__Directions for this task__
In your copy, drop the images and return each record exactly as it stands.

Items from a data source
********************
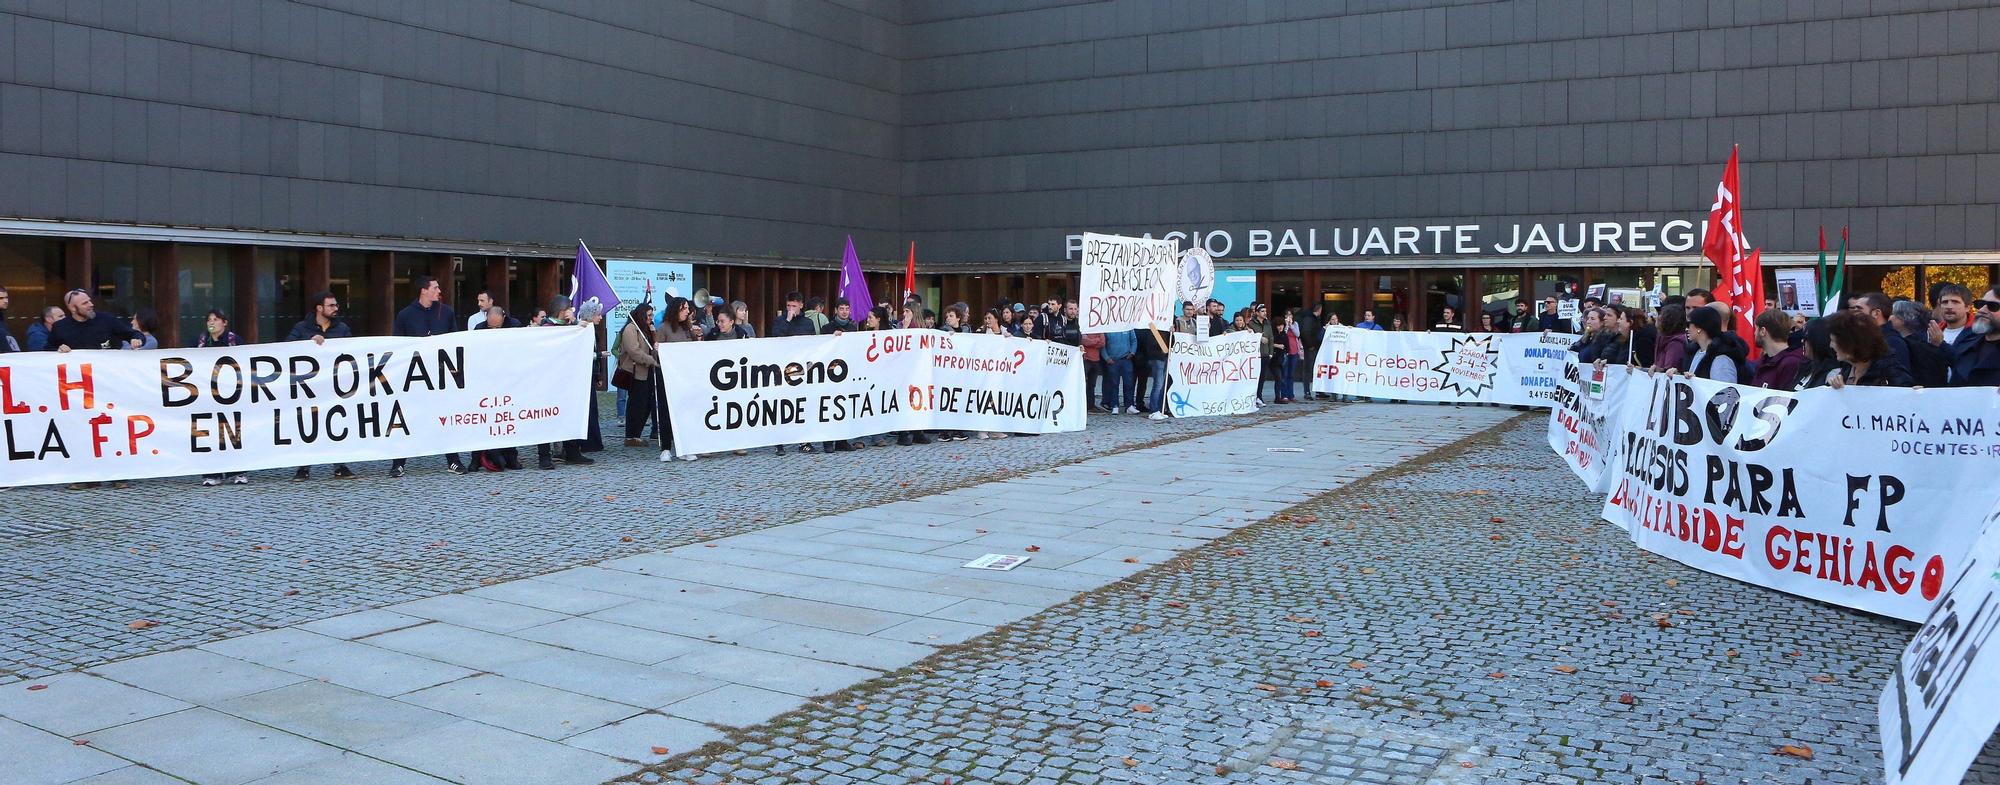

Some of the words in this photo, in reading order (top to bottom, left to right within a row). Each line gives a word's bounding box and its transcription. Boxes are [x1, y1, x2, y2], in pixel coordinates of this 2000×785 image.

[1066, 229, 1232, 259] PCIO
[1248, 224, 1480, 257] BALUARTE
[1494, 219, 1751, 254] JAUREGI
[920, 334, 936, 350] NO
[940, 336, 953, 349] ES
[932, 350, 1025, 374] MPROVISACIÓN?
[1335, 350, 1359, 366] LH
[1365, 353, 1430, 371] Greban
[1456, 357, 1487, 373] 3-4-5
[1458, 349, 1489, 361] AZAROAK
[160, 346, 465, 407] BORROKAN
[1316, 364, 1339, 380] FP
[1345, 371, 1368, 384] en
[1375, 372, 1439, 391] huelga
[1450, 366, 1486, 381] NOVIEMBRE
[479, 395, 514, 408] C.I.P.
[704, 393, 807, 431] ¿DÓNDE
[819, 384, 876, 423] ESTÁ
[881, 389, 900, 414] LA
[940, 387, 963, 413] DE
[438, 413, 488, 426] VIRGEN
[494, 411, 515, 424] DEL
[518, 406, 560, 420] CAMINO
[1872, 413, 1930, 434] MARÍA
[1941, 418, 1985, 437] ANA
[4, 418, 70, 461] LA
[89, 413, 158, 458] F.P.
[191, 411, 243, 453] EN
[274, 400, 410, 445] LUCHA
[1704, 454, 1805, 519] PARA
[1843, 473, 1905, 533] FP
********************
__Solution__
Some of the words in this photo, in reading order (top to bottom, left to right within a row). Each line gives a word's bounding box and its transcription. Boxes are [x1, y1, x2, y2], in pixel coordinates of this 2000×785 image.

[1066, 229, 1232, 259] PCIO
[1248, 224, 1480, 257] BALUARTE
[1494, 219, 1751, 254] JAUREGI
[920, 334, 936, 350] NO
[940, 336, 953, 349] ES
[932, 350, 1025, 374] MPROVISACIÓN?
[1335, 350, 1359, 366] LH
[1365, 353, 1430, 371] Greban
[1456, 357, 1487, 373] 3-4-5
[1458, 349, 1489, 361] AZAROAK
[160, 346, 465, 407] BORROKAN
[1316, 364, 1339, 380] FP
[1345, 371, 1368, 384] en
[1375, 372, 1439, 391] huelga
[1450, 366, 1486, 381] NOVIEMBRE
[479, 395, 514, 408] C.I.P.
[704, 393, 807, 431] ¿DÓNDE
[819, 384, 876, 423] ESTÁ
[881, 389, 900, 414] LA
[940, 387, 963, 413] DE
[438, 413, 488, 426] VIRGEN
[494, 411, 515, 424] DEL
[518, 406, 560, 420] CAMINO
[1872, 413, 1930, 434] MARÍA
[1941, 418, 1985, 437] ANA
[4, 418, 70, 461] LA
[89, 413, 158, 458] F.P.
[191, 411, 243, 453] EN
[274, 400, 410, 445] LUCHA
[1704, 454, 1805, 519] PARA
[1843, 473, 1905, 533] FP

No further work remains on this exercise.